Scottish football may not have the most prodigious history, with their national side never having progressed beyond the first round of the World Cup finals. But in an age where rising prices are desaturating fan involvement, the SPL still has some of the most passionate derbies in the world.
Glasgow-based Celtic and Rangers have dominated the league since its inception, winning 104 league championships between them over the years. And although The Bhoys have the won the last eight in a row, they still trail Rangers’ total by four.

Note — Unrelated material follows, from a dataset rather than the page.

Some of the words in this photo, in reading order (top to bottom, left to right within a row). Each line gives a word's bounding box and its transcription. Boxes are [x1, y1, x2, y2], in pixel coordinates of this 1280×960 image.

Whilst some see Vinnie Jones or Roy Keane as the last ‘hard men’ in the Premier League, there’s no shortage of aggressive tackles and intimidation tactics north of the border – as a case in point, a YouTube compilation highlighting “The dirty side of the Old Firm” boasts over a million views.

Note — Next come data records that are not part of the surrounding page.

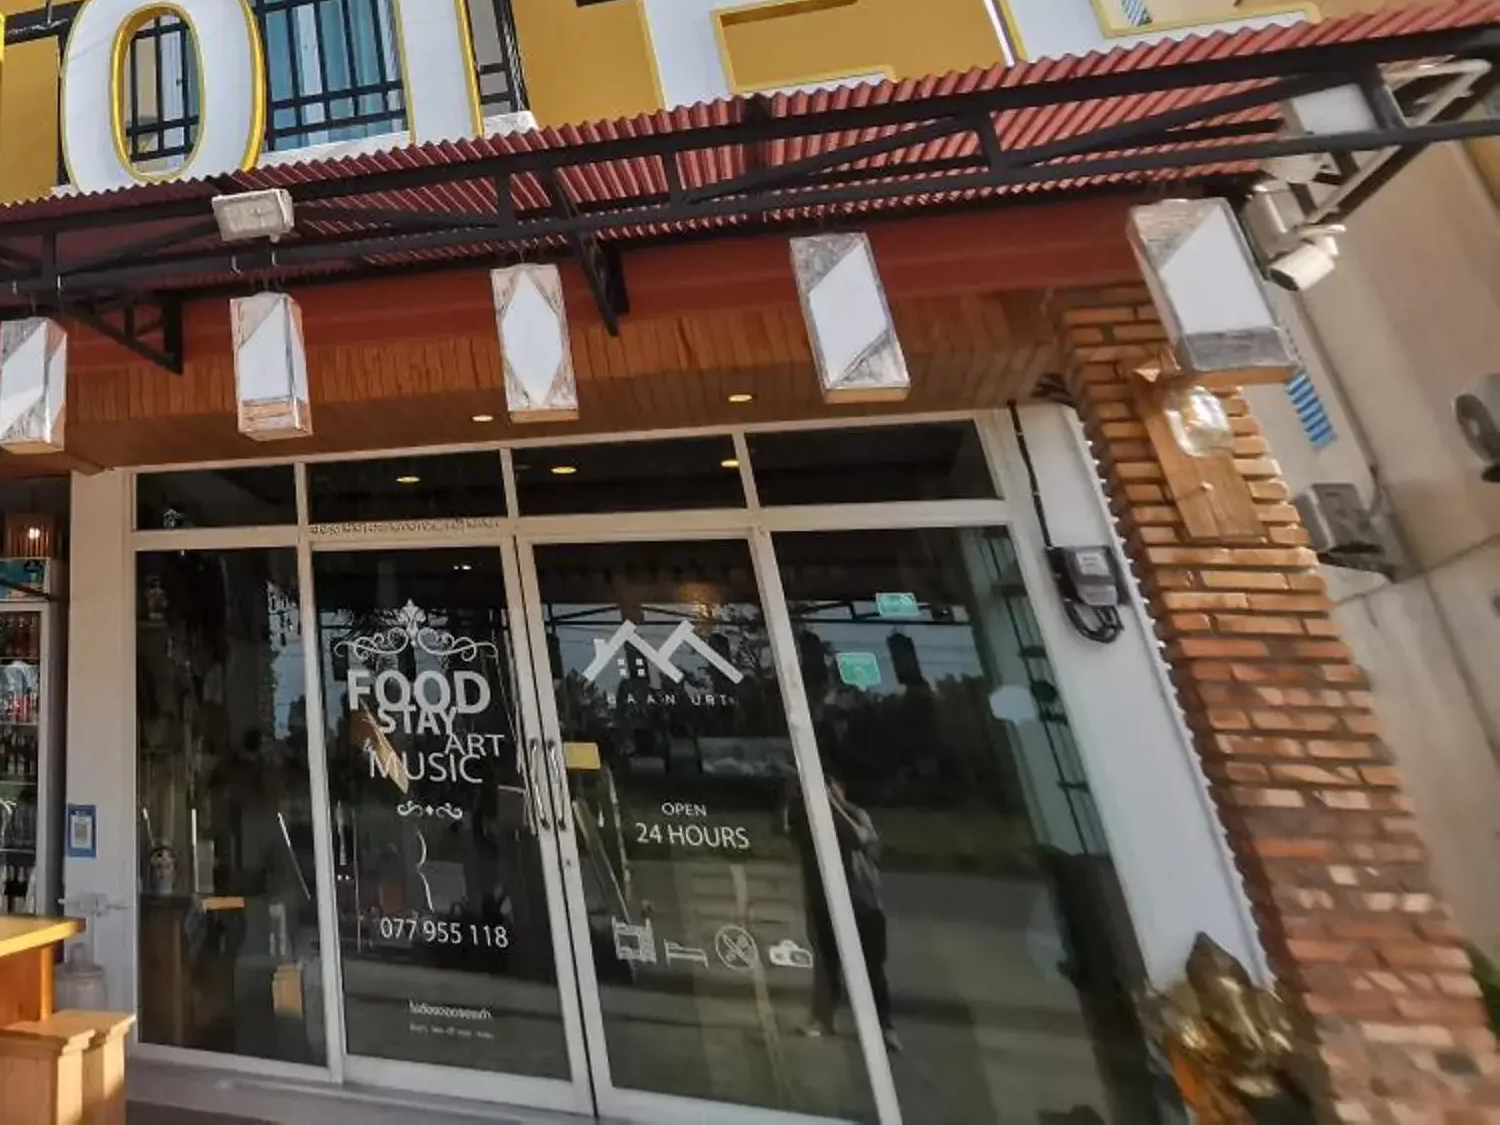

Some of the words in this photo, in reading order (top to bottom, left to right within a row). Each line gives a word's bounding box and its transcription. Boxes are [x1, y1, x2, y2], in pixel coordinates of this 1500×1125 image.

[346, 668, 492, 715] FOOD
[377, 706, 457, 736] STAY
[444, 732, 506, 758] ART
[368, 750, 485, 784] MUSIC
[660, 801, 709, 818] OPEN
[635, 822, 663, 845] 24
[668, 824, 752, 851] HOURS
[379, 915, 418, 942] 077
[423, 919, 463, 946] 955
[467, 922, 511, 949] 118

The ugliest aspect, however, is what occurs off the pitch, with the derby marred by sectarian insults rooted in the religious history of Glasgow, and Scotland as a whole.
Celtic F.C. was founded in 1887 by the Irish Brother Walfrid, with the intention of raising funds to aid poverty in Glasgow’s East End, inspired by Edinburgh’s Hibernian. Whilst Presbyterianism was adopted as the state religion following the Scottish Reformation, many Irish Catholics immigrated following the Great Famine in the mid 19thcentury. As a result, antagonism was rife as conflicts grew out of religious differences and nationalist bigotry. In fact, Rangers fans have been known to chant “The famine is over, why don’t you go home?” in reference to the event at the root of the Irish-Scots identity.
“ANTAGONISM WAS RIFE AS CONFLICTS GREW OUT OF RELIGIOUS DIFFERENCES AND NATIONALIST BIGOTRY.”
The Irish War of Independence only added to the tension as the Orange Order, a group named for the Protestant William III who replaced the Catholic James VII and II in 1689, grew in popularity in Scotland and Northern Ireland.
The Troubles were worse still, with each club accusing the other of associating with the paramilitary forces of the IRA and the Ulster Volunteer Force. Indeed, flags with the red hand of Ulster can still be seen in the hands of Rangers fans at Old Firm games today, whilst the home dressing room at The Ibrox has a framed portrait of The Queen. Divisions came to a head again at the end of August this year as loyalist counter demonstrators disrupted an Irish Unity march planned by a Republican flute band in Govan, a traditionally working-class district which is also where Rangers are based.
The rivalry suddenly became very one-sided in 2012, however, as Rangers was forced into administration, and restarted at the bottom of the pyramid in League Two. Former owner Sir David Murray came under fierce scrutiny after he had sold the club for £1 a year earlier, and the quote that was once praised for its ambition “for every five pounds Celtic spend, we will spend ten” became evidence of poor financial management.
Some Celtic fans today claim that the Old Firm is dead, referring to The Gers only as ‘Sevco’ – the private company that was formed to save the club from extinction. The two clubs now sit on equal points and equal goal difference at the top of the SPFL, with Celtic only narrowly leading after nine games. They have met once so far this season, with The Bhoys winning 2-0, but with a total of four league matchups a season, it is still all to play for.
It’s political and often ugly, but not every Celtic fan is a Catholic or a socialist, and neither is every Rangers fan an EDL-supporting Protestant. As the Scottish FA continues its campaign to stamp out sectarian violence and bigotry, The Old Firm still makes for one of the most high-stakes games in all of football, with some of the most zealously passionate fans in the world.